Normalization of the patient Vf wave function
The mathematical derivation is developed through Boxes 2 and 3. The basic premise of therapeutic entanglement between patient (Px), practitioner (Pr), and remedy/therapeutic modality (Rx) is that they may each be considered sources of information represented as wave functions (ΨPx = ΨVf, ΨPr, and ΨRx, respectively: simplistically, the practitioner may be “helpful” or “unhelpful”; the remedy “curative” or “noncurative,” and the patient “well” or “unwell,” each of these states represented by an up or down arrow, respectively; see Box 1) that define what can be known about each of them. As wave functions they can undergo various overlapping interactions, such as superposition, to produce entangled states dependent on whether the practitioner is “helpful” or “unhelpful.” Here, ΨPr may be envisaged as behaving like a Kronecker delta function,47 taking the values 1 or 0. In signal processing, the Kronecker delta function is also referred to as a unit impulse provided for systems working in discrete time. Used in the therapeutic context, the practitioner may be thought of as providing an “impulse” (or not; taking values 1 or 0, respectively) to the patient in the “discrete time” of the consultation. The practitioner's “impulse response” is therefore complex, depending on the practitioner and the remedy.

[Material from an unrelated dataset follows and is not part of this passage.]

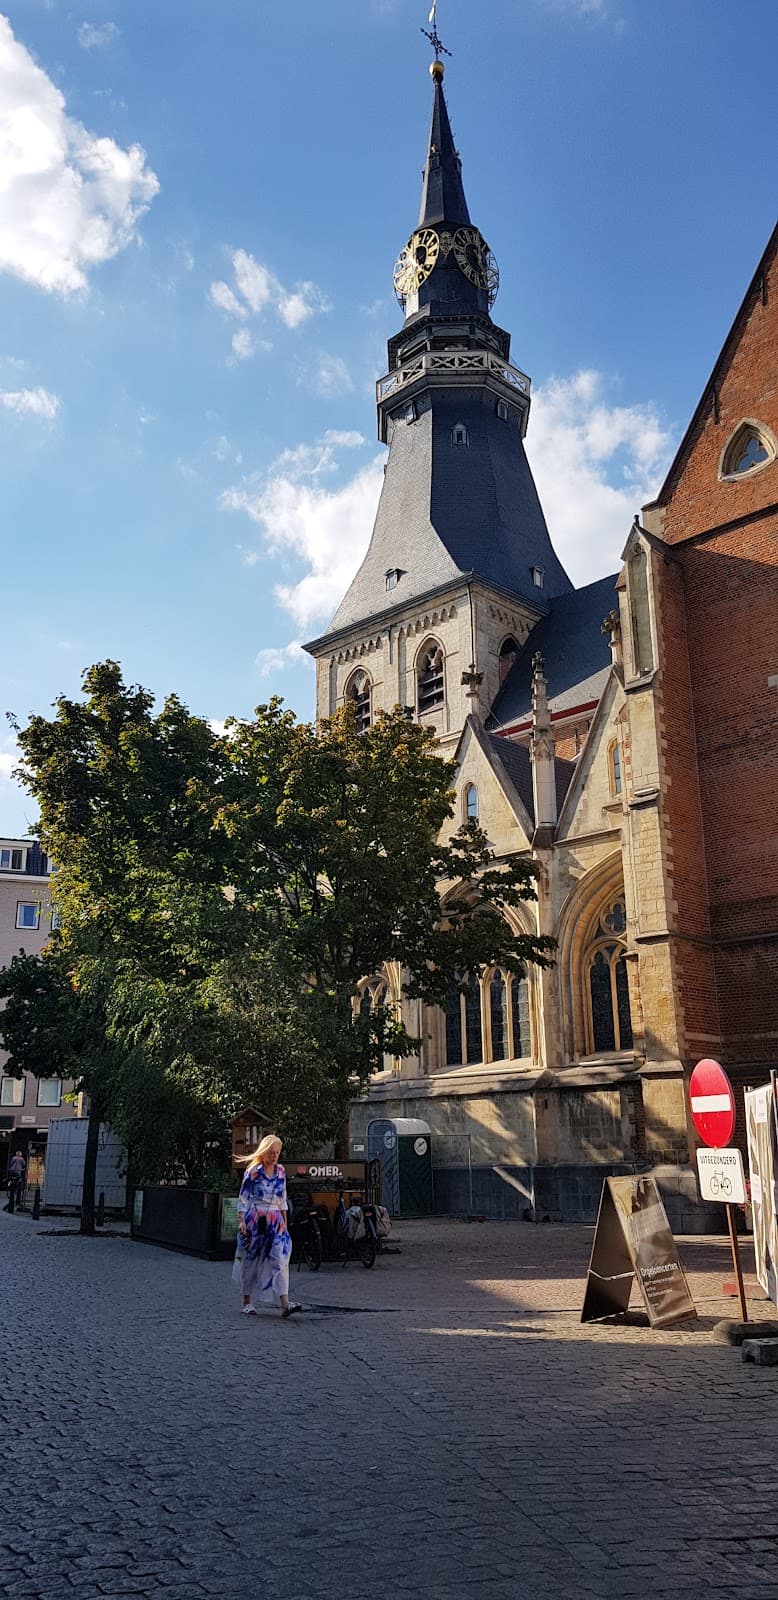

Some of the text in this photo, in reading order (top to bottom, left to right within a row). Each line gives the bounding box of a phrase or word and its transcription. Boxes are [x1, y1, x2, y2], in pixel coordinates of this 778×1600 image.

[699, 1155, 736, 1165] UITGEZONDERD
[309, 1166, 343, 1176] OMER.
[640, 1262, 677, 1278] Orgelconcerten

Box 3. Changing Values for the Constant A on Normalization
The treatment in Box 2 suggests that the normalization value of A in the patient wave-function can take several different values. These differences correspond to changes in the amplitude of the patient wave function, beginning with a minimum value of A corresponding to a patient with a healthier Vf. These differences in A are most likely indicators of changes in the strength of expression of the patient's observed symptoms.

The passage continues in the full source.